Not to worry, Ass Missile. I’m sure you’ve got lots of photos and stories just like these, right?

Pulitzer Prize winning photographer Jim MacMillan:

The three photos included in the Pulitzer portfolio were all taken while MacMillan was embedded with coalition troops during some of the most intense fighting of the last two years.

In the battle of Najaf, MacMillan captured the resourcefulness of one soldier who created a dummy out of his helmet, sunglasses and a stick to try to draw out enemy snipers. Another photo taken during the same blazing hot August day shows soldiers hugging the ground, as one imagines bullets and glass flying overhead. MacMillan also captured the tragedy of war with a photo of Marines grieving over a colleague killed near Ramadi.

MacMillan says one of the most difficult parts of the assignment has been dealing with a number of friends-military personnel and journalists among them–who have died during the war.

“I’ve lost more friends here than during the rest of my life put together,” he says. “The vast majority of them were soldiers or Marines I’ve spent time with who later died.”

Another frustration was not being able to move about freely. MacMillan arrived in Iraq last April just after insurgents in Fallujah brutally murdered four American security guards. That incident marked the beginning of the most intense period of fighting, and insurgent attacks still shake the country on a daily basis. In the past year, MacMillan has only completed 12 non-embedded assignments outside the heavily fortified “Green Zone,” the last time coming in September.
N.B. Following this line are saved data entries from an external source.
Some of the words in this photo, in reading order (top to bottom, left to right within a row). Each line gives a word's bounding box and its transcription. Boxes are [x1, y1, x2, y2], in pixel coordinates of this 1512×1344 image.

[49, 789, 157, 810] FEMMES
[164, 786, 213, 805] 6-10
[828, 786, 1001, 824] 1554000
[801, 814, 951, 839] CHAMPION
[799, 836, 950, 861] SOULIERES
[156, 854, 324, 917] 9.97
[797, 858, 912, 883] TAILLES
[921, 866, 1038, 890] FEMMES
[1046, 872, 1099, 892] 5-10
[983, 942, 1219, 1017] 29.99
Since then he’s been in virtual “lockdown” mode, working on the AP picture desk seven days a week in 12- to 18-hour shifts.

“I’m essentially a street photographer and I haven’t been able to exercise that at all except for the embeds, which have some elements of that [style],” he says.
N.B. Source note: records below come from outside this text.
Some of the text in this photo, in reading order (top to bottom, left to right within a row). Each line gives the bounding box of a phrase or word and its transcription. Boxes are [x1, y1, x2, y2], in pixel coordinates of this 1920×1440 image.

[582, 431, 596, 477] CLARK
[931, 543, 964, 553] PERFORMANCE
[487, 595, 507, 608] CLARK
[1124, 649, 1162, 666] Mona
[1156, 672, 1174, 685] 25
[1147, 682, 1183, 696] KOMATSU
But MacMillan is walking away from his assignment with a better understanding of what soldiers go through and a deep admiration for the AP staffers in Iraq.

“My hope is that I return to my life as normal as I knew it before,” he says. “As I stand here in Iraq I recognize how easy we have it in the U.S.–how safe and easy and free it is. I hope I don’t lose track of that.”

Via Romenesko.

A.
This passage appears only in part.